3. Understanding what you are doing is the right way of doing it. Moms have the MOST wonderful built-in navigation system – their intuition. Have you ever had one of those moments when you have gone against your intuition or gut feeling and it went terribly awry? That’s why we have our mom intuition. It provides us with the answer that is best suited to support our family. It let’s us know when our children are sick, when they are upset and it helps us make decisions about our own health and well-being as Moms. Some of the BEST Canadian parenting author’s I am connected to all share this thought – “if it doesn’t feel right and in the best interest of you as the parent or your child, then don’t do it”.
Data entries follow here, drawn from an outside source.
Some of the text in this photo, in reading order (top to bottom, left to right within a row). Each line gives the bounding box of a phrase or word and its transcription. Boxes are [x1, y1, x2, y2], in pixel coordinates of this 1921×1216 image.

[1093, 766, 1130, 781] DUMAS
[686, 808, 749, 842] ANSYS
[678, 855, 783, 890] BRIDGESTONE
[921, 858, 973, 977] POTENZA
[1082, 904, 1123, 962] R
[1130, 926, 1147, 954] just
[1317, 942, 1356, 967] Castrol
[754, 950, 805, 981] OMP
4. Letting go of following what you see other Mommies doing. Part of early childhood development is to categorize and label things as we begin to see the world around us. For example, we learn that a round orange item is perhaps a hockey ball or an orange. Classification of items helps us to learn. As Moms, we have this very interesting behaviour that is reminiscent of this classification – we look to other moms to base our decisions. Are we attending the “right” class, wearing the “right” clothes, putting our children in the “right” daycare, school or extracurricular activity? Are we living in the “right” neighbourhood, are we driving the “right” car, are we parenting the “right” way? What’s “right” for another Mom may not necessarily be “right” for you or your family. Get that intuition working for you and listen to your own head and heart.
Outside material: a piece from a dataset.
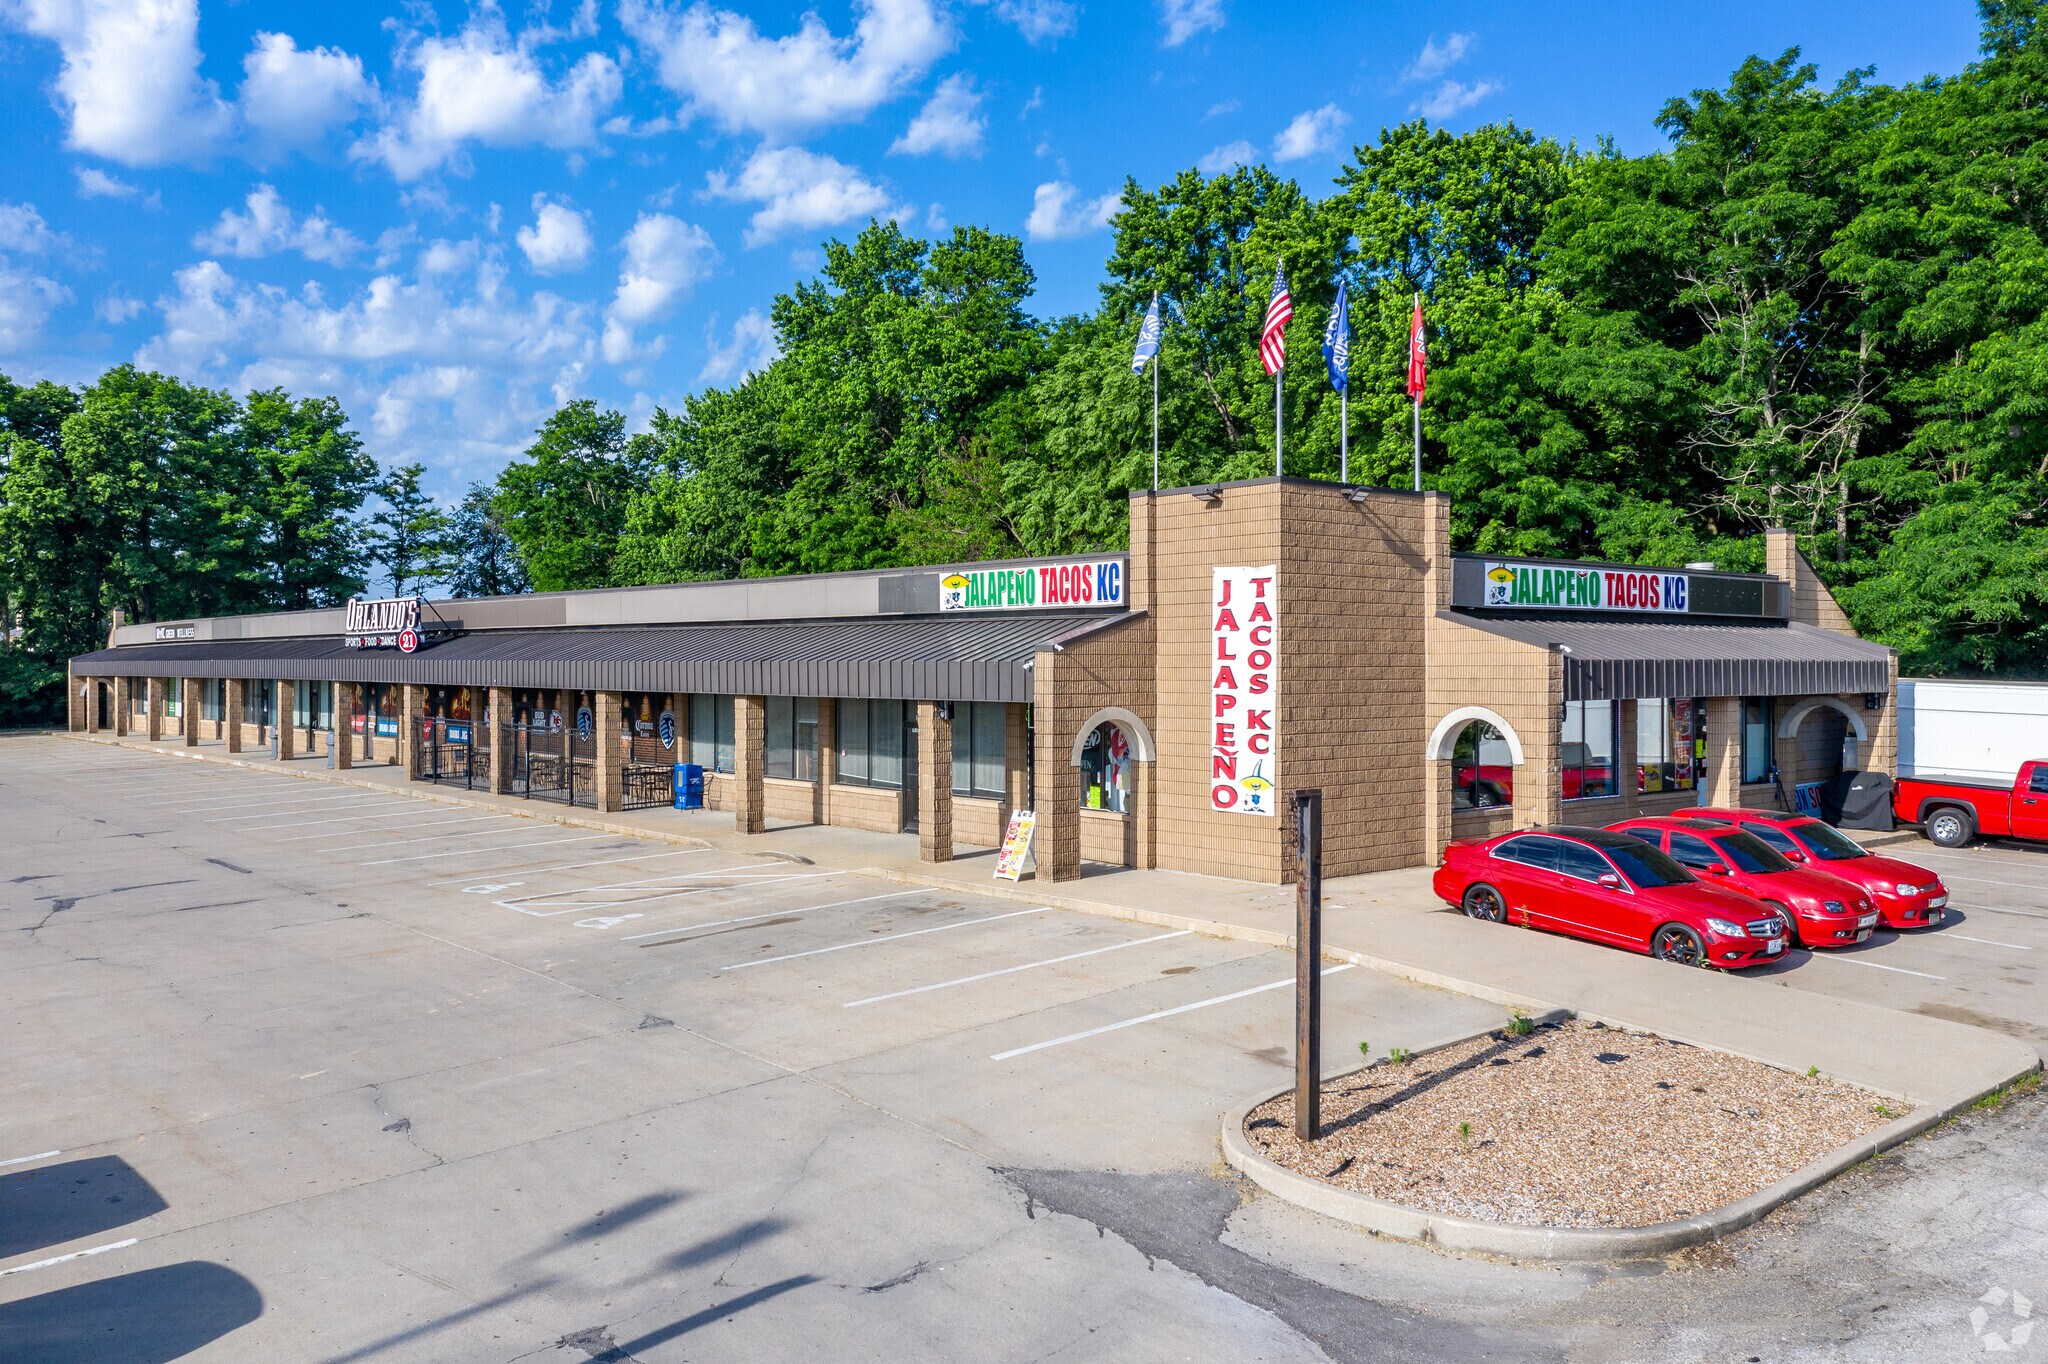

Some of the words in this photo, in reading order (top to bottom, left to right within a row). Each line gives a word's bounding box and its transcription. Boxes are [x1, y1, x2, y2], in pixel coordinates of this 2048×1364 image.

5. Hire the “right” Mom advisors. Did you notice that the moment you announced your pregnancy you seem to have accrued many “advisors” offering you advice even though you didn’t ask for it?? Mothers and mothers-in-law, aunts, grandmas, best friends and heck even complete strangers are all ready to provide you with knowledge. It’s SO important that you find yourself the “right” mom advisors that support your needs first and foremost and then you can politely tell the others that the position has been filled
6. Put yourself at the TOP of your to do list! As Moms we are always taking care of everyone else’s needs. It is imperative that we put ourselves first taking care of our mental, physical and spiritual health. It’s amazing how the guilt seems to dissipate the healthier we are and the more secure we feel as women. The better we are, the better our families are and we feel GREAT!
The more you open up about your guilty feelings, the better you will feel, the more support you will find from other moms and the greater peace of mind you will experience knowing you have made the best decisions for your family!